TASK OBJECTIVE - Write the records out again exactly, but without pictures.

BEGIN DATA FOR THE TASK

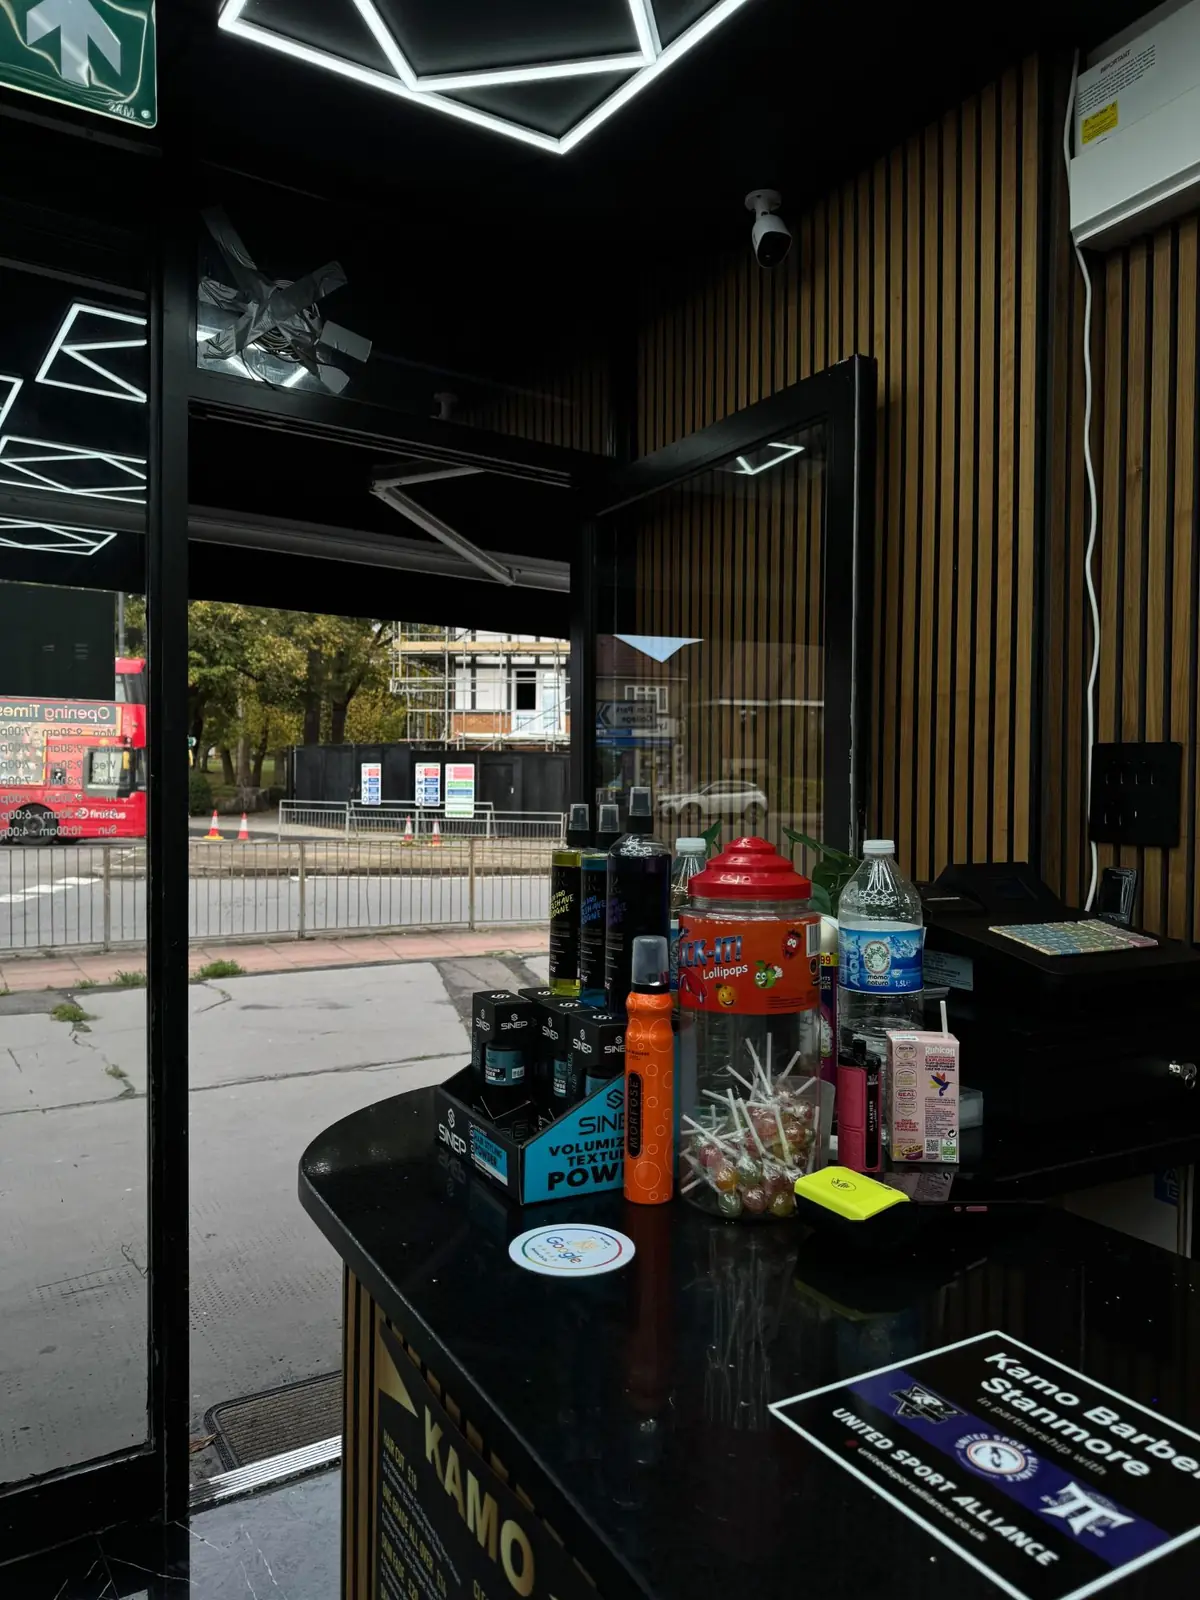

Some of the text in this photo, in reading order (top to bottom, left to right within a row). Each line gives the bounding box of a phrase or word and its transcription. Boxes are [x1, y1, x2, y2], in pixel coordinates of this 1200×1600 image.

[679, 936, 743, 967] ICK-IT!
[702, 964, 749, 980] Lollipops
[475, 1016, 491, 1032] SINEP
[501, 1020, 528, 1031] SINEP
[542, 1026, 559, 1040] SINEP
[572, 1038, 592, 1054] SINEP
[604, 1044, 626, 1054] SINE
[925, 1045, 956, 1057] Rubicon
[578, 1112, 625, 1136] SINE
[629, 1080, 640, 1149] MORFOSE
[438, 1123, 467, 1155] SINEP
[548, 1137, 625, 1156] VOLUMIZ
[567, 1150, 625, 1167] TEXTU
[547, 1162, 625, 1191] POW
[546, 1235, 584, 1264] Google
[983, 1352, 1080, 1406] Kamo
[977, 1396, 989, 1406] in
[1073, 1455, 1108, 1476] with
[981, 1377, 1150, 1477] Stanmore
[954, 1432, 989, 1450] UNITED
[992, 1433, 1033, 1454] SPORT
[831, 1407, 1060, 1567] UNITED SPORT ALLIANCE
[424, 1404, 536, 1597] KAMO

END DATA FOR THE TASK

SOLUTION TO THIS EXERCISE -
Some of the text in this photo, in reading order (top to bottom, left to right within a row). Each line gives the bounding box of a phrase or word and its transcription. Boxes are [x1, y1, x2, y2], in pixel coordinates of this 1200×1600 image.

[679, 936, 743, 967] ICK-IT!
[702, 964, 749, 980] Lollipops
[475, 1016, 491, 1032] SINEP
[501, 1020, 528, 1031] SINEP
[542, 1026, 559, 1040] SINEP
[572, 1038, 592, 1054] SINEP
[604, 1044, 626, 1054] SINE
[925, 1045, 956, 1057] Rubicon
[578, 1112, 625, 1136] SINE
[629, 1080, 640, 1149] MORFOSE
[438, 1123, 467, 1155] SINEP
[548, 1137, 625, 1156] VOLUMIZ
[567, 1150, 625, 1167] TEXTU
[547, 1162, 625, 1191] POW
[546, 1235, 584, 1264] Google
[983, 1352, 1080, 1406] Kamo
[977, 1396, 989, 1406] in
[1073, 1455, 1108, 1476] with
[981, 1377, 1150, 1477] Stanmore
[954, 1432, 989, 1450] UNITED
[992, 1433, 1033, 1454] SPORT
[831, 1407, 1060, 1567] UNITED SPORT ALLIANCE
[424, 1404, 536, 1597] KAMO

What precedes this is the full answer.